N° de rôle : 11/00370

















Madame [H] [P]



c/



SOCIETE FRANCAISE DE GESTION HOSPITALIERE HOPITAL SERVICE





















Nature de la décision : AU

FOND







Notifié par LRAR le :



LRAR non parvenue pour adresse actuelle inconnue à :



La possibilité reste ouverte à la partie intéressée de procéder par voie de signification (acte d'huissier).



Certifié par le Greffier en Chef,



Grosse délivrée le :



à :

Décision déféré...

COUR D'APPEL DE BORDEAUX

CHAMBRE SOCIALE - SECTION B

--------------------------

ARRÊT DU : 29 MARS 2012

fc

(Rédacteur : Madame Myriam LALOUBERE, Conseiller)

PRUD'HOMMES

N° de rôle : 11/00370

Madame [H] [P]

c/

SOCIETE FRANCAISE DE GESTION HOSPITALIERE HOPITAL SERVICE

Nature de la décision : AU FOND

Notifié par LRAR le :

LRAR non parvenue pour adresse actuelle inconnue à :

La possibilité reste ouverte à la partie intéressée de procéder par voie de signification (acte d'huissier).

Certifié par le Greffier en Chef,

Grosse délivrée le :

à :

Décision déférée à la Cour : jugement rendu le 26 novembre 2010 (R.G. n°F 09/00785) par le Conseil de prud'hommes - Formation de départage de BORDEAUX, Section Commerce, suivant déclaration d'appel du 19 janvier 2011,

APPELANTE :

Madame [H] [P]

née le [Date naissance 1] 1954 à [Localité 5]

de nationalité Française,

demeurant [Adresse 2]

représentée par Maître Magali BISIAU, avocat au barreau de BORDEAUX

INTIMÉE :

SOCIETE FRANCAISE DE GESTION HOSPITALIERE HOPITAL SERVICE

prise en la personne de son représentant légal domicilié en cette qualité au siège social

[Adresse 3]

représentée par Maître Julie PLEUVRET loco Maître Guillaume ROLAND, avocats au barreau de PARIS

COMPOSITION DE LA COUR :

En application des dispositions de l'article 945-1 du Code de Procédure Civile, l'affaire a été débattue le 25 janvier 2012 en audience publique, devant Madame Myriam LALOUBERE, Conseiller, faisant fonction de Président et Madame Katia SKLARZ Vice Président placée, chargées d'instruire l'affaire, qui ont entendu les plaidoiries, les avocats ne s'y étant pas opposés,

Ce magistrat a rendu compte des plaidoiries dans le délibéré de la Cour, composée de :

Monsieur Jean-Paul ROUX, Président,

Madame Myriam LALOUBERE, Conseiller,

Madame Katia SZKLARZ, Vice-Présidente Placée,

Greffier lors des débats : Madame Florence CHANVRIT adjoint administratif faisant fonction de greffier,

ARRÊT :

- contradictoire

- prononcé publiquement par mise à disposition de l'arrêt au greffe de la Cour, les parties en ayant été préalablement avisées dans les conditions prévues à l'article 450 alinéa 2 du Code de Procédure Civile.

EXPOSE DU LITIGE

Mme [H] [P] a été embauchée par la Clinique [4] en qualité d'agent de service à effet du 15 février 1982.

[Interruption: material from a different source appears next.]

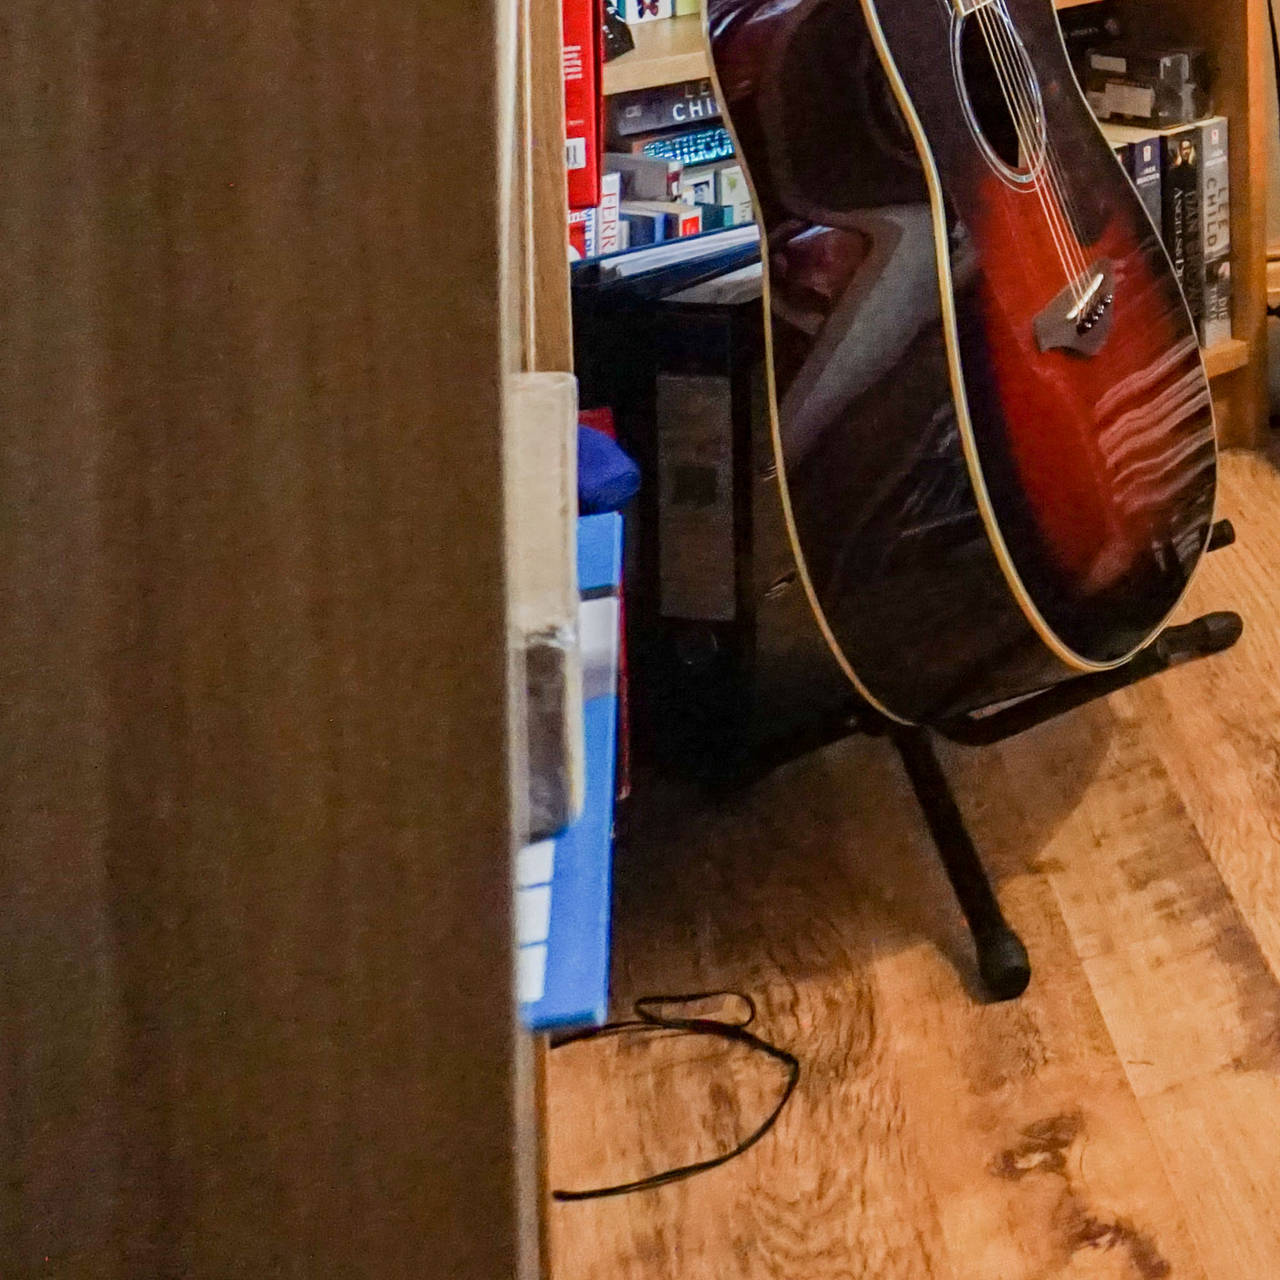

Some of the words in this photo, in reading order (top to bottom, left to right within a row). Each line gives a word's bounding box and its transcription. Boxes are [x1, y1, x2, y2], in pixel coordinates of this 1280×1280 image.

En juin 2005, la clinique [4] a décidé d'externaliser ses activités de nettoyage, d'accueil, de restauration et de maintenance qu'elle a confiées à la société COMPASS.

En 2008, la clinique [4] a réinternalisé les services accueil et standard et a confié le service de restauration à la société COMPASS et le service maintenance à la société ALTYS; la société HOPITAL SERVICES s'est vue confier le marché des prestations de bio nettoyage à compter du 1er décembre 2008.

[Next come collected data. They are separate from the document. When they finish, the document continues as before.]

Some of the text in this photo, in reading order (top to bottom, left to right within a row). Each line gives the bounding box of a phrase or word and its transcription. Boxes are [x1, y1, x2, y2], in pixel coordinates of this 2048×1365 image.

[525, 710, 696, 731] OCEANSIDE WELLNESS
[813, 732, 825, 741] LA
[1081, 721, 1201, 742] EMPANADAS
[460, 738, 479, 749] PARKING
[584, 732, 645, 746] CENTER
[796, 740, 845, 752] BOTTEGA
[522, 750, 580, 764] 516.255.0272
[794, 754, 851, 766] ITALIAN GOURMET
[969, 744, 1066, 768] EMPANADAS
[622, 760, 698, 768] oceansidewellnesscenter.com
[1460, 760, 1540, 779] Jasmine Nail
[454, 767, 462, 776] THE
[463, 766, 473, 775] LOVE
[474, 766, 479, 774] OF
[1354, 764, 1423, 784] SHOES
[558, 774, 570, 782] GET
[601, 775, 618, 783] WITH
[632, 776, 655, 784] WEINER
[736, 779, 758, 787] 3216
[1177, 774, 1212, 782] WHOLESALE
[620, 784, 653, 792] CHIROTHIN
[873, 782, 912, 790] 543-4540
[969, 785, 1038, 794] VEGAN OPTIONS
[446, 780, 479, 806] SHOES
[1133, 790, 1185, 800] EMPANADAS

67 salariées, dont Mme [H] [P], ont été reprises par la société HOPITAL SERVICES, qui estimant qu'elle se situait dans une application volontaire des dispositions de la convention collective nationale des entreprises de propreté et de services associés, s'est abstenue de maintenir les avantages que les salariés tenaient de leur précédent statut collectif.

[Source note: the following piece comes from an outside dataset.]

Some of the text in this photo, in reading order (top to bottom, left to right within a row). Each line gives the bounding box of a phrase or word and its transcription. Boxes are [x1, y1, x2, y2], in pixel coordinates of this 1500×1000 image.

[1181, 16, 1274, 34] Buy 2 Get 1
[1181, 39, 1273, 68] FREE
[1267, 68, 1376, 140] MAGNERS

Le 17 mars 2009, Mme [H] [P] a saisi le Conseil des Prud'Hommes de BORDEAUX pour voir condamner la SA HOPITAL SERVICES à lui conserver l'intégralité de ses acquis, en application des articles L 1224-1 et L 2261-14 du code du travail et afin de voir condamner, sous astreinte de 100€ par jour de retard, cette société à lui payer diverses sommes (RTT, régularisation de la CMP à hauteur de 10%), outre la somme de 3113,81€ de dommages et intérêts pour préjudice moral et financier, la somme de 800€ au titre de l'article 700 du code de procédure civile, réclamant en outre la remise en conformité de bulletins de salaire.

Par jugement en date du 26 novembre 2010, le Conseil des Prud'Hommes de BORDEAUX, sous la présidence du juge départiteur, a dit que le transfert d'activité vers la SA HOPITAL SERVICE s'est fait dans les conditions de l'application volontaire de l'article L 1224-1 du code du travail et que Mme [H] [P] avait été remplie de l'intégralité de ses droits de salariée.

Il a débouté Mme [H] [P] de l'ensemble de ses demandes en la condamnant à régler la somme de 100€ à la SA HOPITAL SERVICES, et ce en application de l'article 700 du code de procédure civile.

Le 19 janvier 2011, Mme [H] [P] a relevé appel de cette décision.

Par conclusions déposées le 28 novembre 2011, développées oralement et auxquelles il est expressément fait référence, Mme [H] [P] demande à la Cour de dire que la société HOPITAL SERVICES aurait du faire application des dispositions d'ordre public de l'article L 1224-1 du code du travail à l'occasion du transfert survenu le 1er décembre 2008.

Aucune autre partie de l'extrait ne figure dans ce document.